20 janvier 2016

Le cours du baril sous les 30$

Depuis juin 2014, le cours du baril de Brent n’a cessé de chuter, passant de plus de 80$ à moins de 30$. Le WTI a connu une évolution similaire. Ce phénomène s’explique principalement par une surproduction d’environ 2 millions de barils par jour qui va continuer à s’accroître avec la levée des sanctions contre l’Iran. L’État perse va ainsi augmenter sa capacité de production immédiate de 500 000 barils par jour, soit 3.3 millions de barils par jour. Et il annonce déjà une deuxième augmentation de 500 000 barils par jour d’ici six mois, espérant dépasser les 4 millions en fin d’année. La situation de surproduction est aujourd’hui telle qu’il devient moins coûteux d’utiliser les super tankers comme site de stockage en pleine mer.

À cela s’ajoute un hiver doux, donc faiblement énergivore, et une OPEP défaillante. Le cartel du pétrole n’a pas réussi à se mettre d’accord pour réduire sa production et faire remonter les cours. Nombre de ses membres comme l’Algérie, le Nigéria ou le Venezuela connaissent une situation politique très tendue.
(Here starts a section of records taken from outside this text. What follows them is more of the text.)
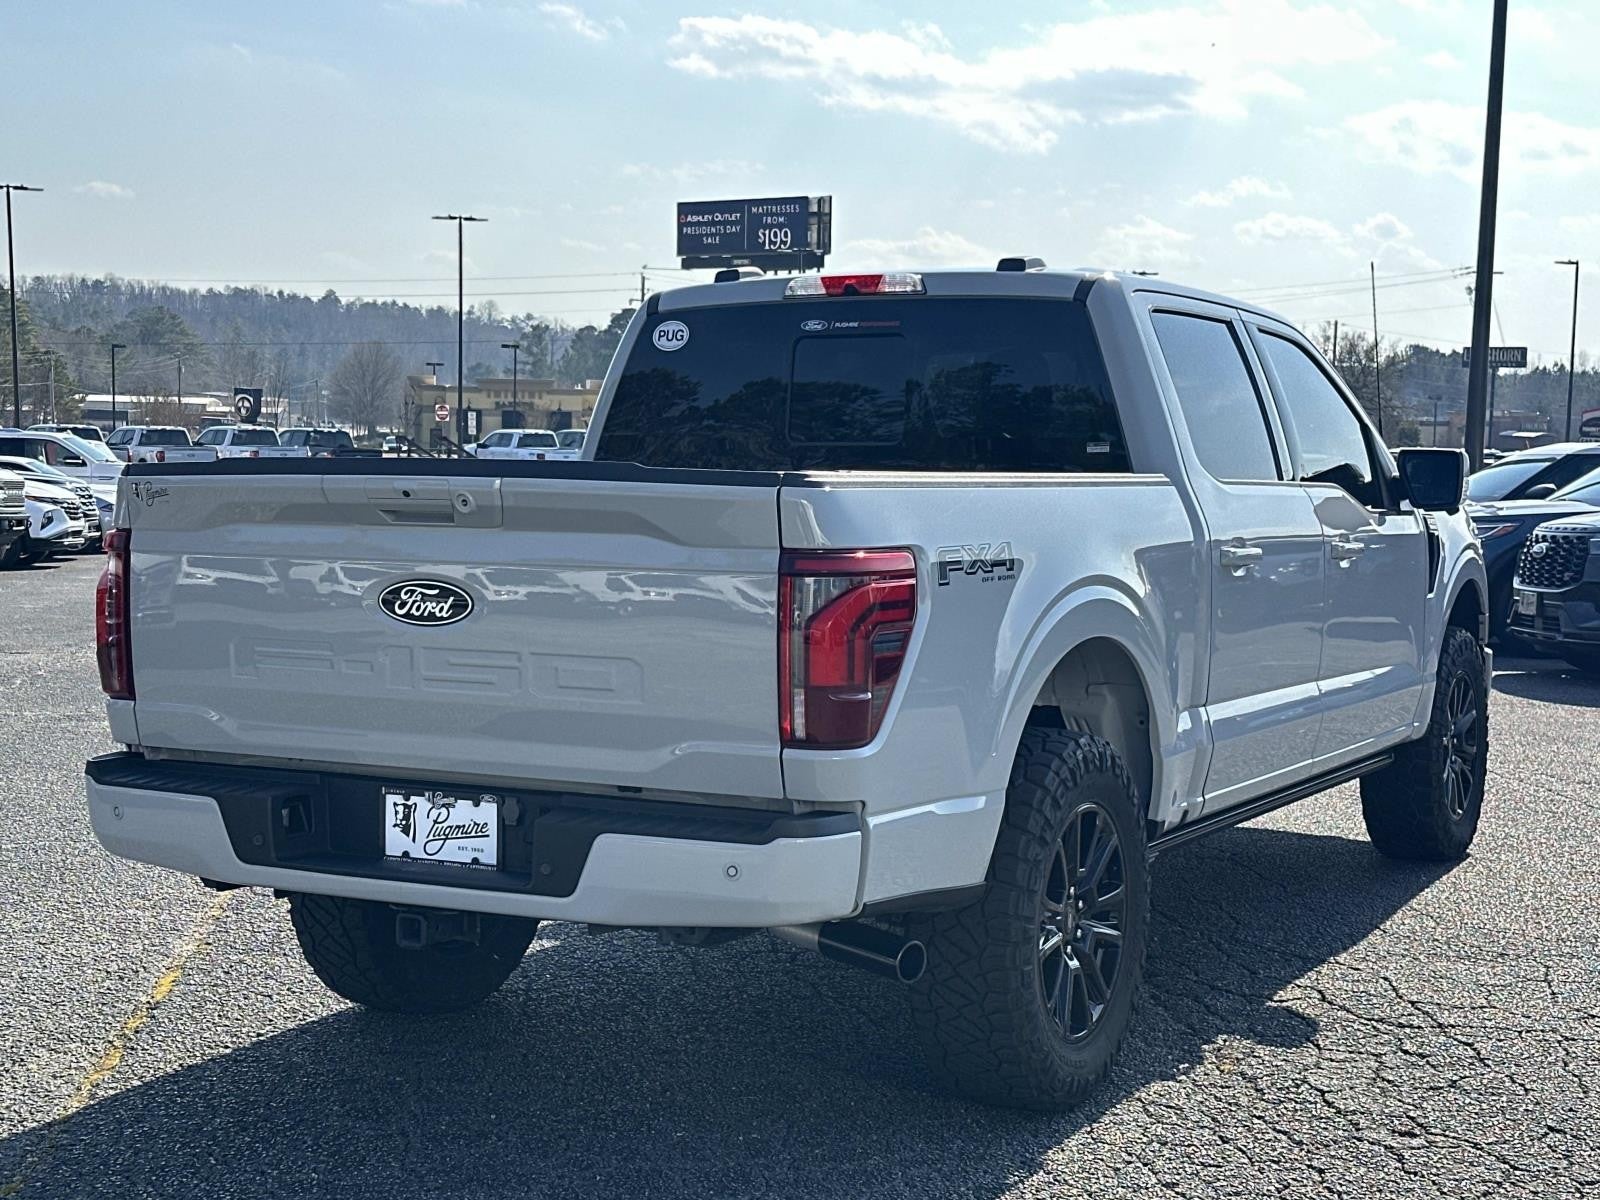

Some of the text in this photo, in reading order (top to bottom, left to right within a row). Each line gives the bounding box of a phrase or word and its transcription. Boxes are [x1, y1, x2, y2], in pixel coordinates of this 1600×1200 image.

[686, 212, 741, 222] ASHLEY OUTLET
[751, 204, 800, 214] MATTRESSES
[762, 216, 788, 224] FROM:
[683, 225, 741, 234] PRESIDENTS DAY
[702, 235, 720, 244] SALE
[758, 228, 791, 250] $199
[657, 321, 685, 343] PUG
[1464, 348, 1521, 361] LHORN
[936, 541, 1015, 586] FX4
[394, 586, 453, 619] Ford
[229, 636, 646, 705] F-150
[423, 804, 490, 856] Pugmire
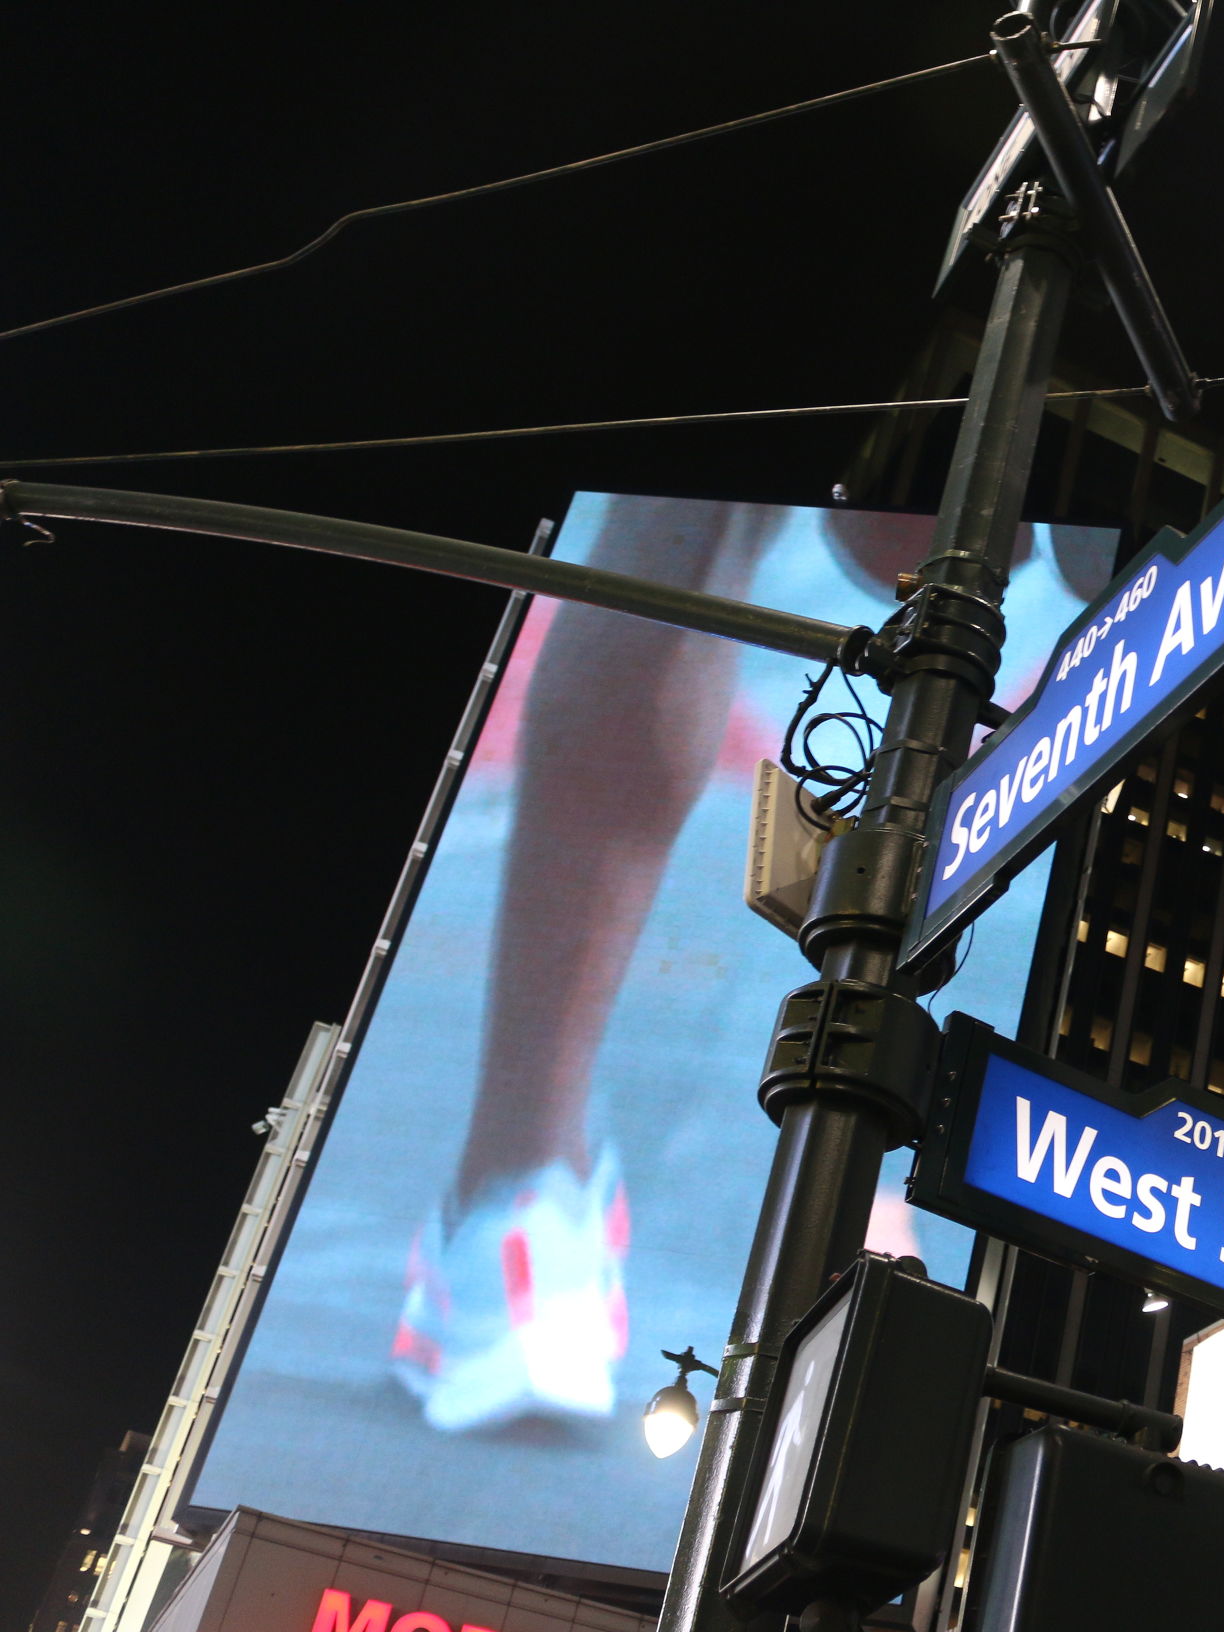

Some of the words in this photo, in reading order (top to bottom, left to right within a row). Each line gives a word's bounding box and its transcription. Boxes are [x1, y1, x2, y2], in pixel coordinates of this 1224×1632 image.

[1056, 625, 1098, 682] 440
[1114, 565, 1158, 623] 460
[942, 640, 1138, 881] Seventh
[1016, 1096, 1202, 1251] West
Marqués par une forte dépendance au pétrole, un contexte géopolitique délicat et une situation intérieure explosive, ces pays n’ont aucune marge de manœuvre pour réduire leur production de manière significative, ce qui permettrait de faire remonter les cours.

Le rôle clef de l’Arabie Saoudite

Habituellement, au sein de l’OPEP , l’Arabie Saoudite assure le rôle de régulateur. Ses réserves considérables, sa production conséquente (12 millions de barils / jour à son maximum) et son prix de revient extrêmement bas (moins de 10$ sur Ghawar, site onshore qui produit plus de 5 millions de baril par jour) lui permettent de jouer ce rôle d’amortisseur. Mais le Royaume se situe à un carrefour géopolitique complexe. La menace Daech, la défaillance du soutien américain dans l’épisode des Printemps Arabes et l’antagonisme avec l’Iran, rival chiite de la région, l’incite à ne faire aucun cadeau aux autres pays producteurs de pétrole sans obtenir de sérieuses contreparties.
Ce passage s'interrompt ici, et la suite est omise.